Keep images out and repeat all data exactly.

◆ Listed entries
====================

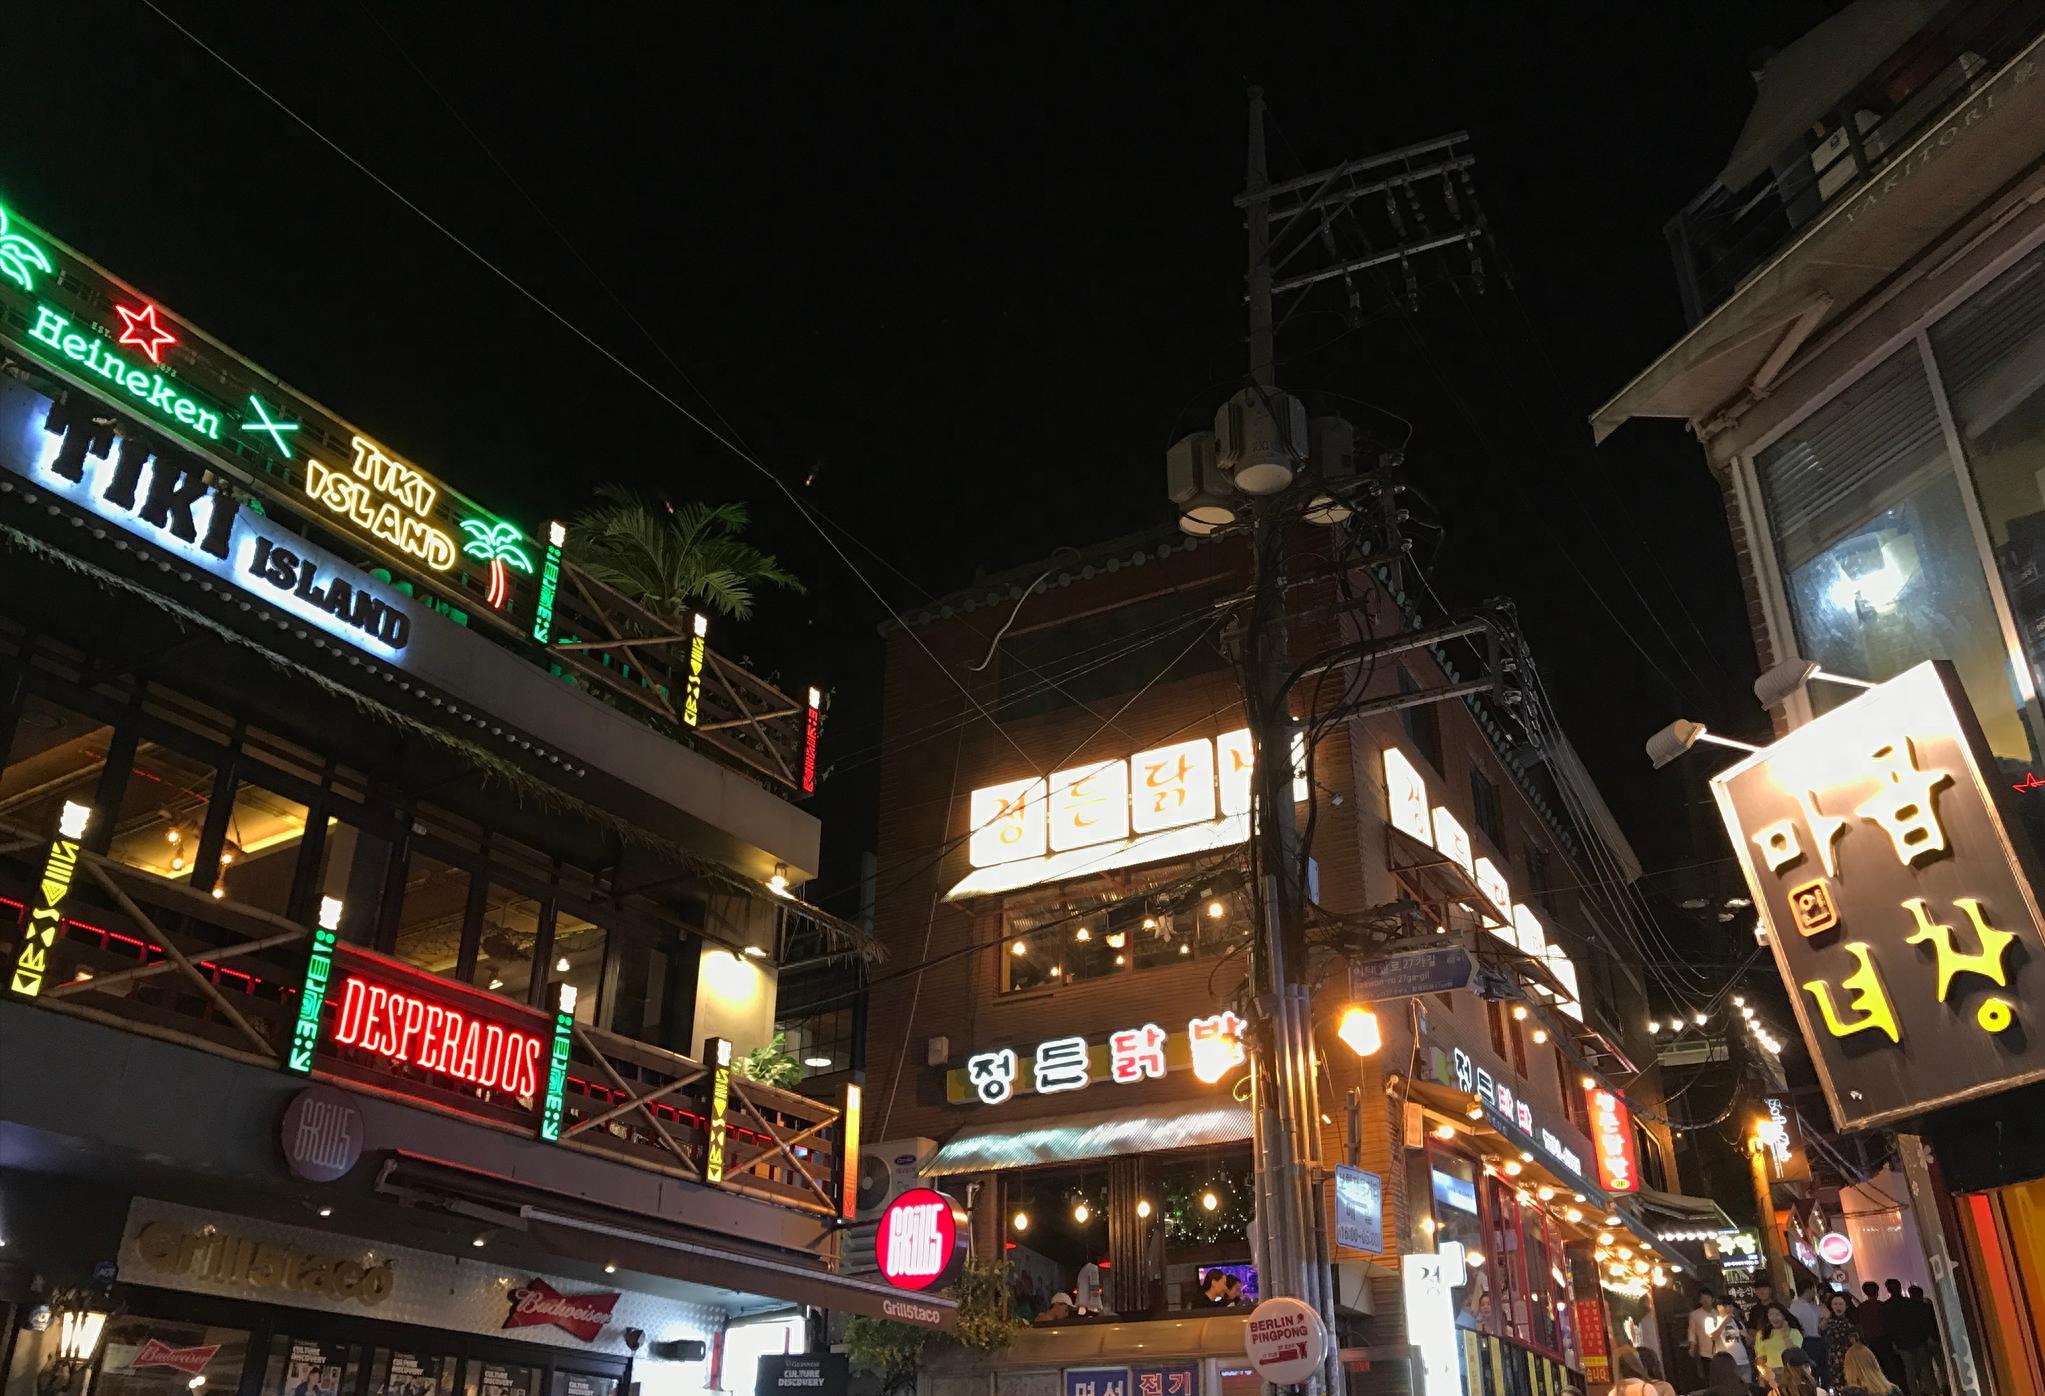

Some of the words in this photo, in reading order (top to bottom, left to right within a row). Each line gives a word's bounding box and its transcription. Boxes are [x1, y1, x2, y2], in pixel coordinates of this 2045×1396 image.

[29, 306, 219, 440] Heineken
[352, 435, 437, 518] TIKI
[43, 400, 241, 561] TIKI
[248, 535, 411, 650] ISLAND
[305, 459, 457, 571] ISLAND
[335, 976, 542, 1099] DESPERADOS
[515, 1288, 613, 1323] Budweiser
[1250, 1315, 1294, 1333] BERLIN
[1252, 1325, 1309, 1345] PINGPONG
[777, 1377, 825, 1387] DISCOVERY
[783, 1369, 821, 1378] CULTURE

====================

◆ Written answer
Some of the words in this photo, in reading order (top to bottom, left to right within a row). Each line gives a word's bounding box and its transcription. Boxes are [x1, y1, x2, y2], in pixel coordinates of this 2045×1396 image.

[29, 306, 219, 440] Heineken
[352, 435, 437, 518] TIKI
[43, 400, 241, 561] TIKI
[248, 535, 411, 650] ISLAND
[305, 459, 457, 571] ISLAND
[335, 976, 542, 1099] DESPERADOS
[515, 1288, 613, 1323] Budweiser
[1250, 1315, 1294, 1333] BERLIN
[1252, 1325, 1309, 1345] PINGPONG
[777, 1377, 825, 1387] DISCOVERY
[783, 1369, 821, 1378] CULTURE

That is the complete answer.